Provided material:

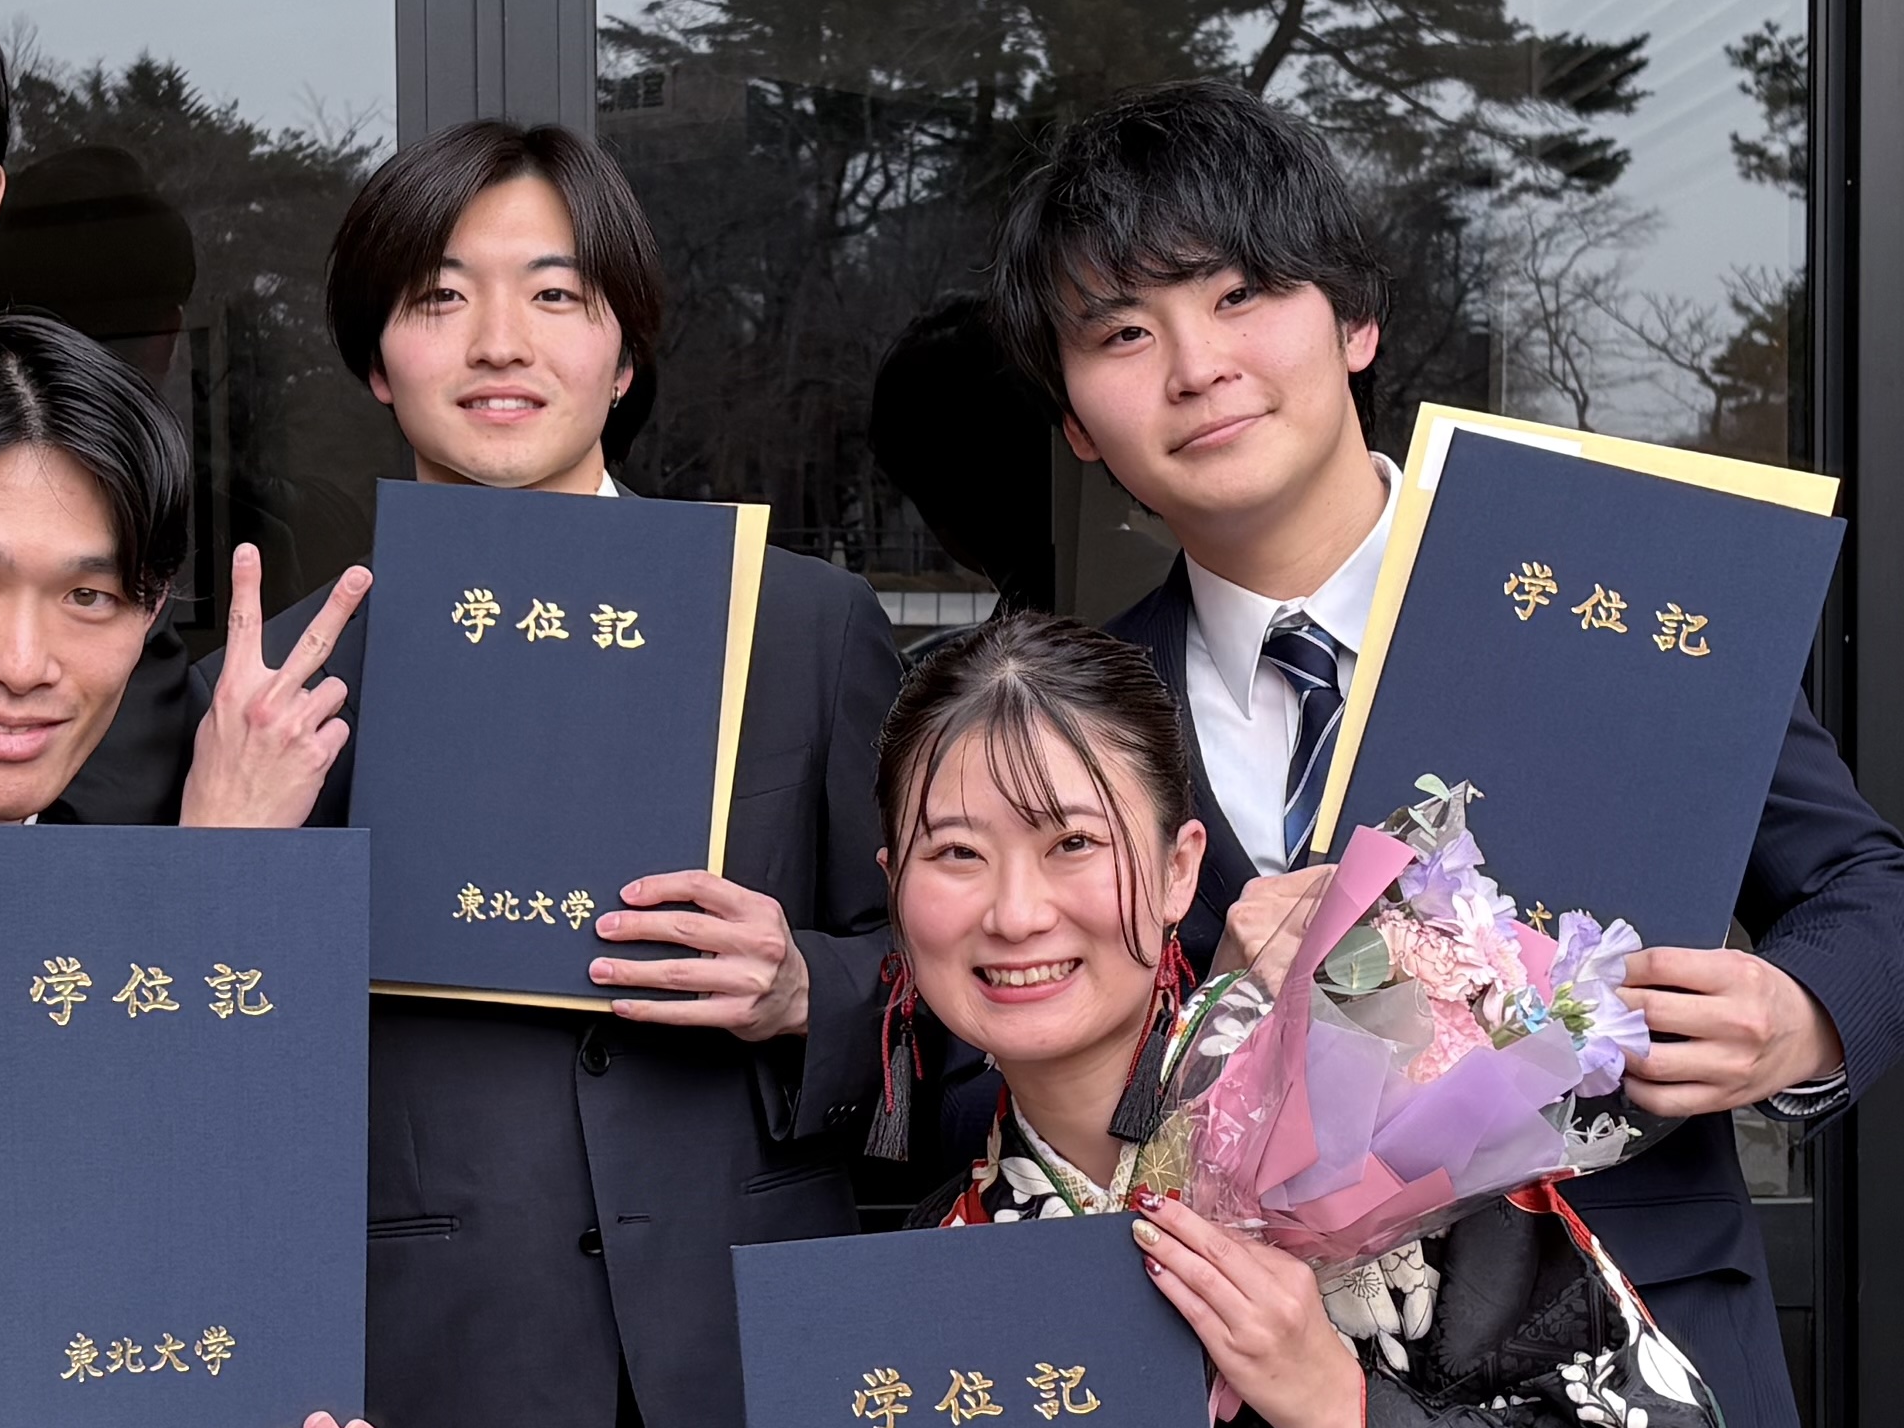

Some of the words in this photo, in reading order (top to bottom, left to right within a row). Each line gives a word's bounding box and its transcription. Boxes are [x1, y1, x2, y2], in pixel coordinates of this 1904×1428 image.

[451, 588, 646, 649] 学位記
[1503, 560, 1712, 657] 学位記
[452, 882, 595, 930] 東北大学
[29, 956, 276, 1026] 学位記
[60, 1325, 236, 1383] 東北大学
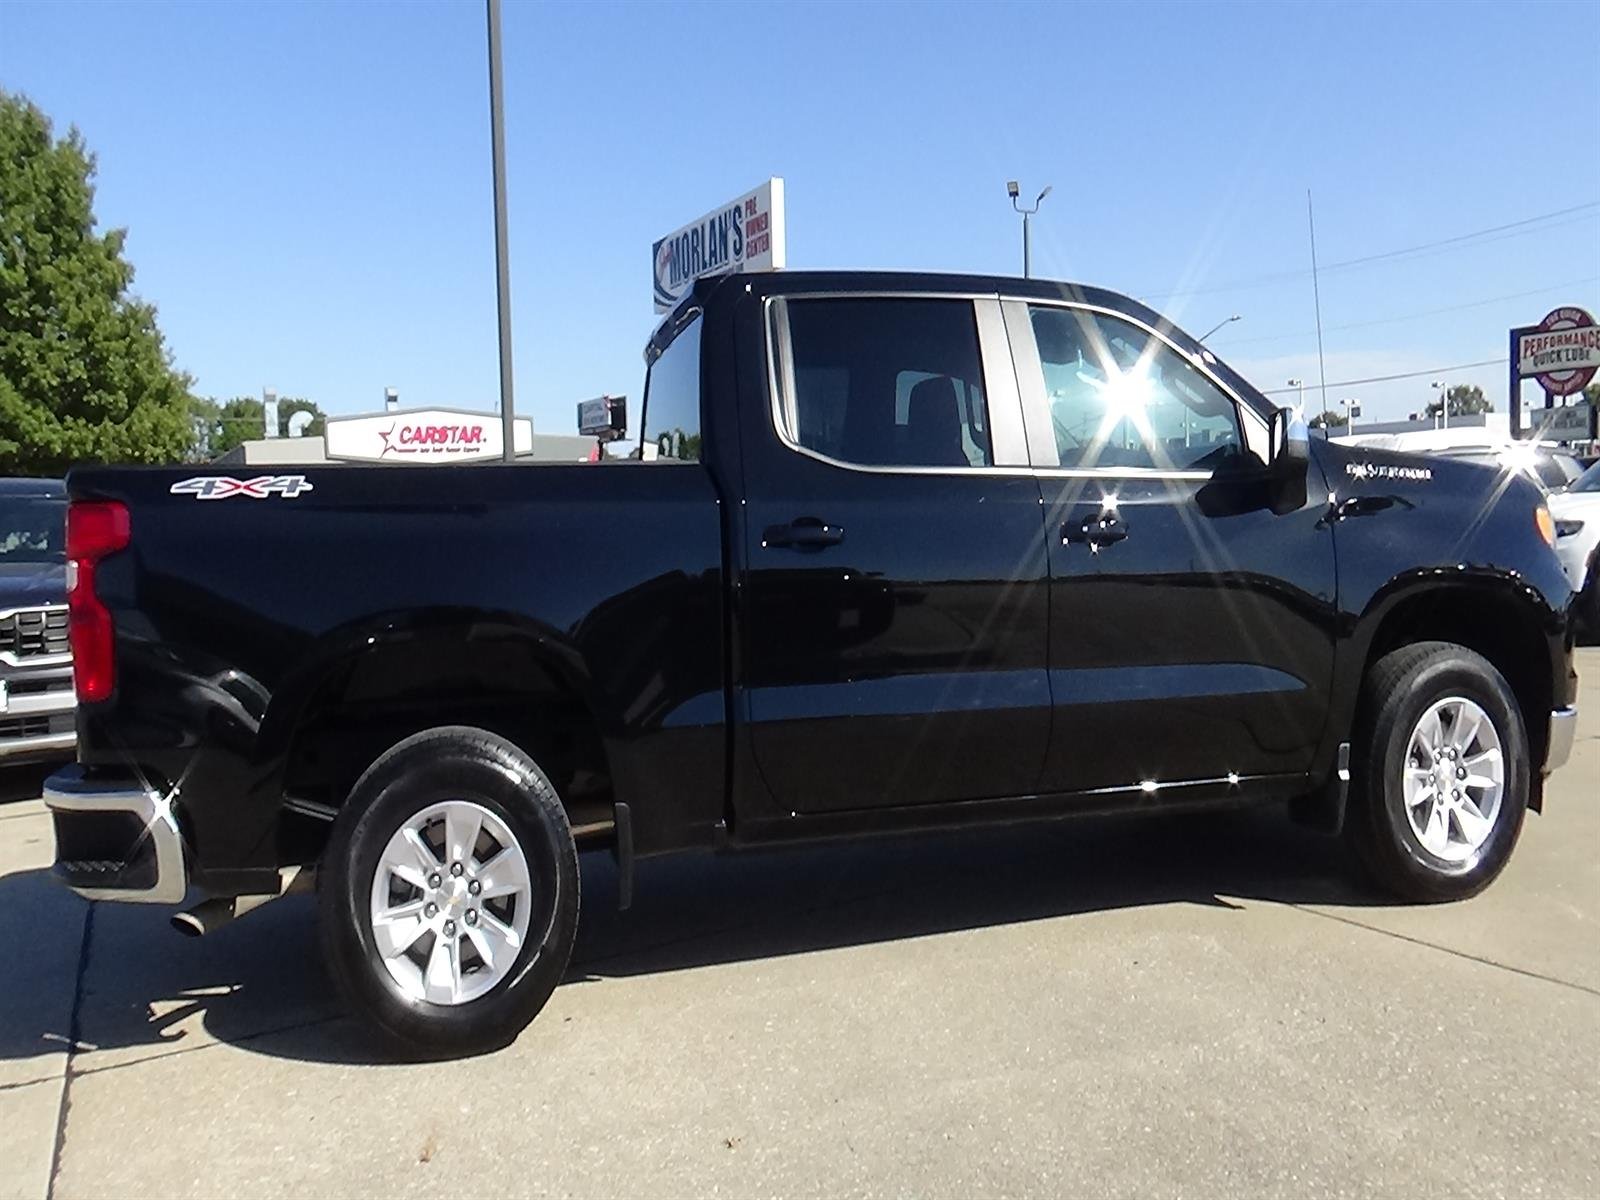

What you have to do: Write the listing out again in full and unchanged, minus any pictures.

Output:
Some of the words in this photo, in reading order (top to bottom, left to right within a row). Each line gives a word's bounding box and its transcription. Boxes are [x1, y1, x2, y2], in pixel coordinates of this 1904×1428 image.

[451, 588, 646, 649] 学位記
[1503, 560, 1712, 657] 学位記
[452, 882, 595, 930] 東北大学
[29, 956, 276, 1026] 学位記
[60, 1325, 236, 1383] 東北大学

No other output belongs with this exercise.